Let $\Gamma$ be a circle with center $O$. Consider the points $A$, $B$, $C$, $D$, $E$ and $F$ in $\Gamma$, with $D$ and $E$ in the (minor) arc $BC$ and $C$ in the (minor) arc $EF$, such that $DEFO$ is a rhombus and $\vartriangle ABC$ It is equilateral. Show that $\overleftrightarrow{BD}$ and $\overleftrightarrow{CE}$ are perpendicular.

Find all functions $f$, of the form $f(x) = x^3 +px^2 +qx+r$ with $p$, $q$ and $r$ integers, such that $f(s) = 506$ for some integer $s$ and $f(\sqrt3) = 0$.

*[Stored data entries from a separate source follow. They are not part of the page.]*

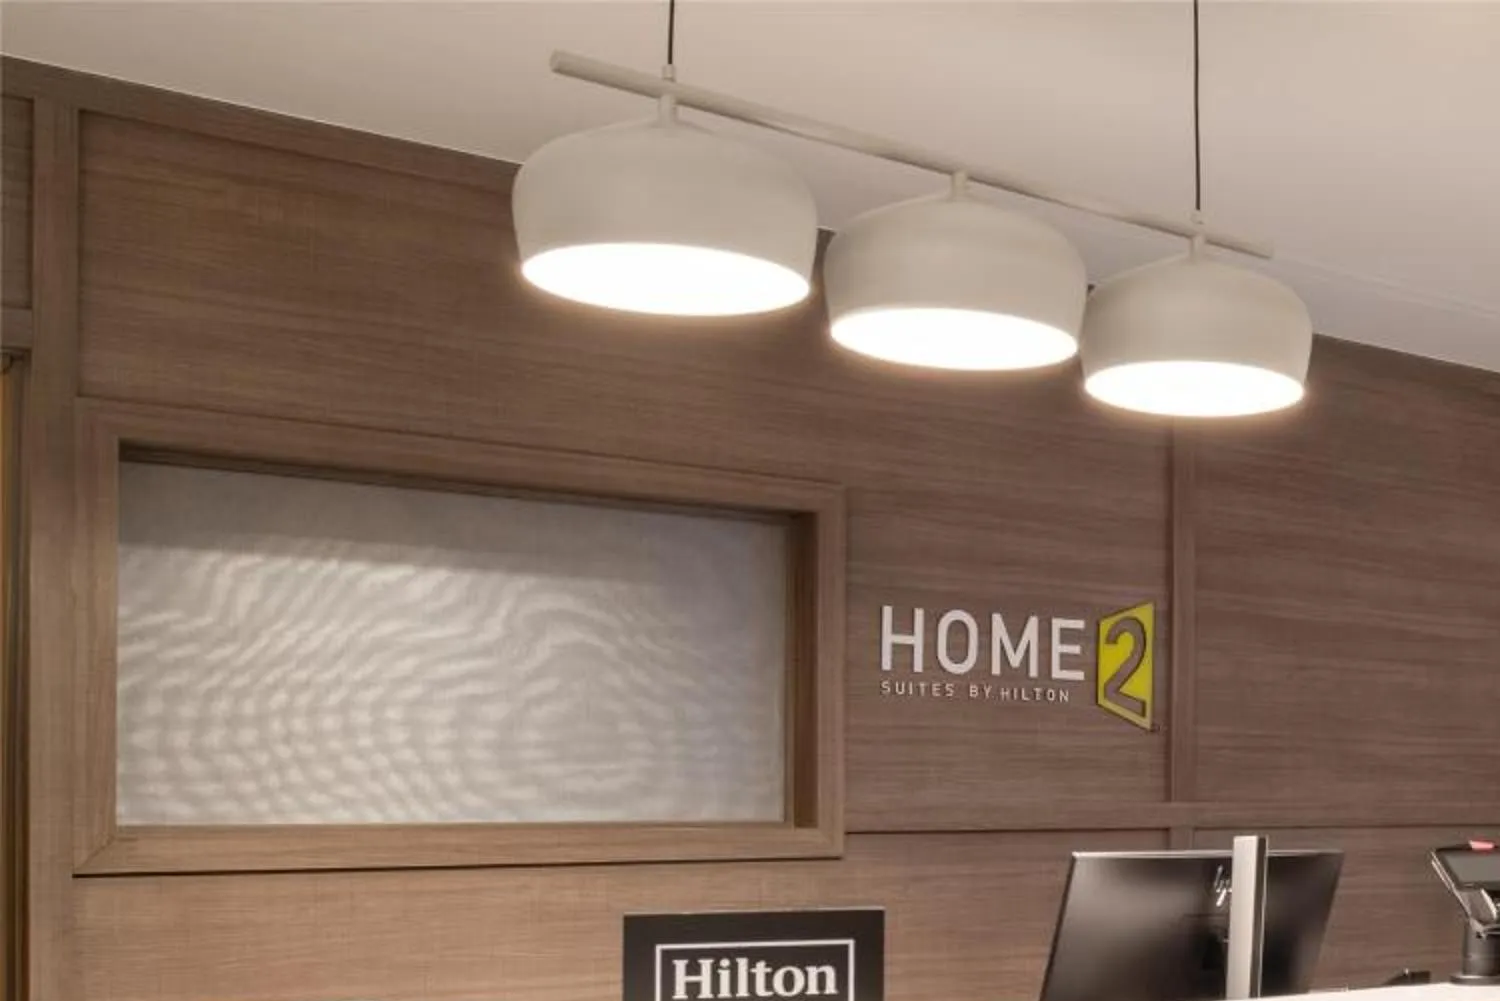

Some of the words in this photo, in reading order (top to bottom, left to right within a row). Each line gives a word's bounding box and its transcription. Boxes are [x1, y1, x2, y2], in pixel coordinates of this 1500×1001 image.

[880, 604, 1086, 681] HOME
[881, 680, 954, 697] SUITES
[969, 685, 992, 698] BY
[1001, 687, 1069, 702] HILTON
[671, 957, 839, 1000] Hilton
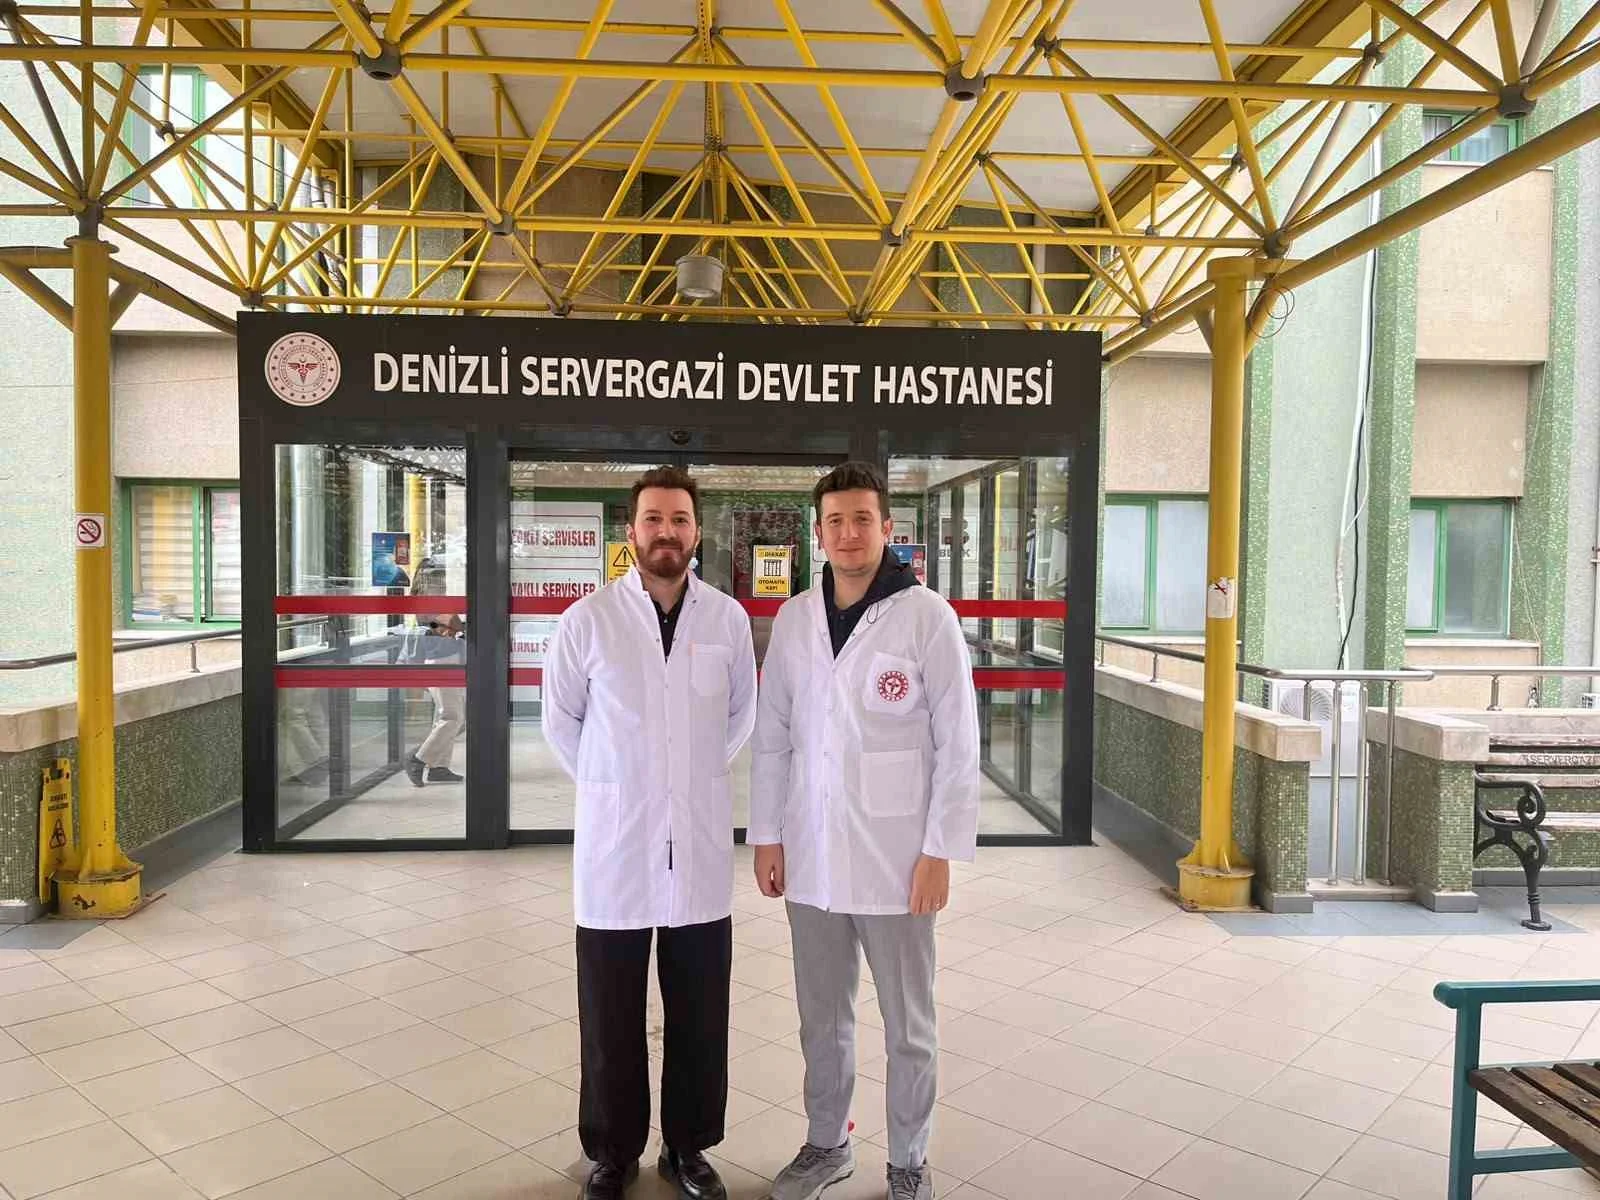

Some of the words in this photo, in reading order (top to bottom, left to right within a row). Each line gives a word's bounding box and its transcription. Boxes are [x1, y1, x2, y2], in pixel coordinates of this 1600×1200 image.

[374, 344, 509, 395] DENİZLİ
[520, 351, 724, 400] SERVERGAZİ
[738, 362, 861, 403] DEVLET
[873, 359, 1053, 406] HASTANESİ

Shikaku and his son Shikamaru must climb a staircase that has $2022$ steps; the steps are listed $1$, $2$, $...$ , $2022$ and the floor is considered step $0$. This bores them both a lot, so so they decide to organize a game. They begin by tying a rope between them, so that At most they can be separated from each other by a distance of $7$ steps, that is, if they are in the steps $m$ and$ n$, then it must always be true that $|m-n| \le 7$. For the game they establish the following rules: a) They move alternately in turns. b) In his corresponding turn, the player must move to a higher step than in the one that (the same) was previously. c) If a player has just moved to the $n$-th step, then on the next turn the other player cannot be moved to any of the steps $n-1$, $n$ or $n + 1$, except when it is for reach the last step. d) Whoever reaches the last step (listed with $2022$) wins. Shikamaru is bored to start, so his father starts. Determine which of the two players has a winning strategy and describe it.

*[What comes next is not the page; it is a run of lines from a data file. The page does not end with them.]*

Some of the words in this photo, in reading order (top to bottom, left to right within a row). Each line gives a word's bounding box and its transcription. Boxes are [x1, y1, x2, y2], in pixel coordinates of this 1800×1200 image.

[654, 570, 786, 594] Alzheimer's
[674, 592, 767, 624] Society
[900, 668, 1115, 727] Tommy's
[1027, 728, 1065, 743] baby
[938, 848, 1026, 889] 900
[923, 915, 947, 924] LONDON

Maria was a brilliant mathematician who found the following property about her year of birth: if $f$ is a function defined in the set of natural numbers $N = \{0, 1, 2, 3, 4, 5,...\}$ such that $f(1) = 1335$ and $f(n+1) = f(n)-2n+43$ for all $n \in N$, then his year of birth is the maximum value that $f(n)$ can reach when $n$ takes values in $N$. Determine the year of birth of Mary.

The $1$st edition of OLCOMA was organized in $1989$, so in $2022$ the $34$th edition will be celebrated. Suppose that the Olympics will continue to be held annually without interruption. We say that a year $N$ is good if the OLCOMA edition number of that year divides the product $N(N +1)$. For example, the year $2022$ is good because $34$ divides $2022 \cdot 2023$. Determine the last year $N$ in the $21$st century, $2000\le N \le 2099$, which is good.

Consider $ABC$ with $AC > AB$ and incenter $I$. The midpoints of $\overline{BC}$ and $\overline{AC}$ are $M$ and $N$, respectively. If $\overline{AI}$ is perpendicular to $\overline{IN}$, then prove that $\overline{AI}$ is tangent to the circumscribed circle of $\vartriangle BMI$.